What the response needs is every record, repeated verbatim, and no images.

[Saved data entries]

┌────────

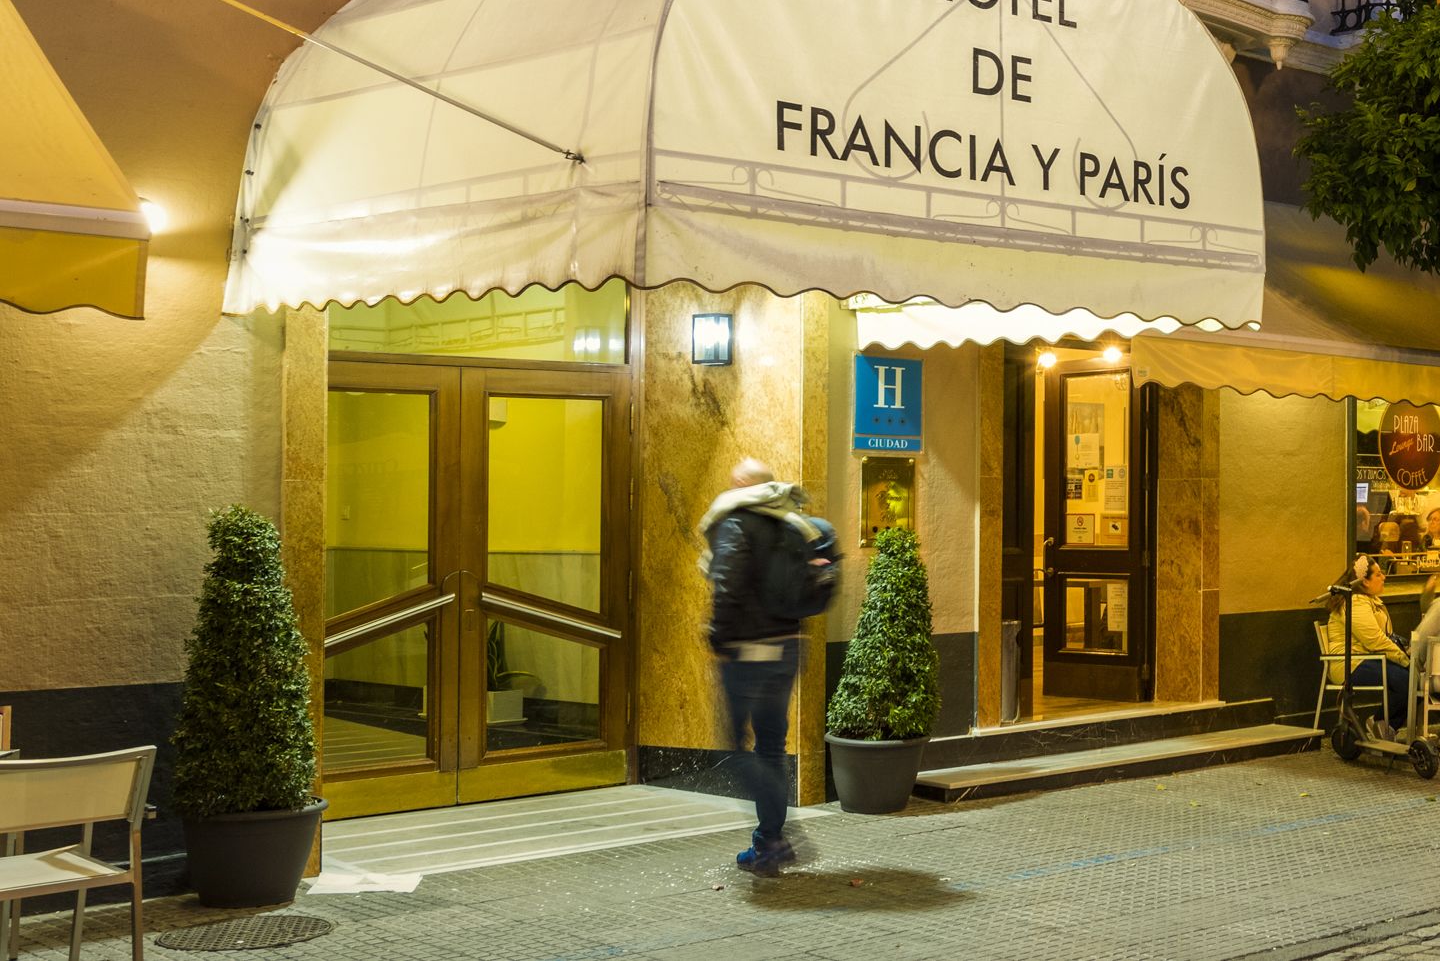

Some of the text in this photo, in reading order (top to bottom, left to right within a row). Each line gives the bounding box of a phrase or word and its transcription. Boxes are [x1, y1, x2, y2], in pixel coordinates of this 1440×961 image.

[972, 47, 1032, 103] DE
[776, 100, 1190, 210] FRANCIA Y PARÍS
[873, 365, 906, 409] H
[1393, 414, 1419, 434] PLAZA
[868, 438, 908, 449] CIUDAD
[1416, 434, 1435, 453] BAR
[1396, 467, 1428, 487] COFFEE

└────────

## EXERCISE OUTPUT
Some of the text in this photo, in reading order (top to bottom, left to right within a row). Each line gives the bounding box of a phrase or word and its transcription. Boxes are [x1, y1, x2, y2], in pixel coordinates of this 1440×961 image.

[972, 47, 1032, 103] DE
[776, 100, 1190, 210] FRANCIA Y PARÍS
[873, 365, 906, 409] H
[1393, 414, 1419, 434] PLAZA
[868, 438, 908, 449] CIUDAD
[1416, 434, 1435, 453] BAR
[1396, 467, 1428, 487] COFFEE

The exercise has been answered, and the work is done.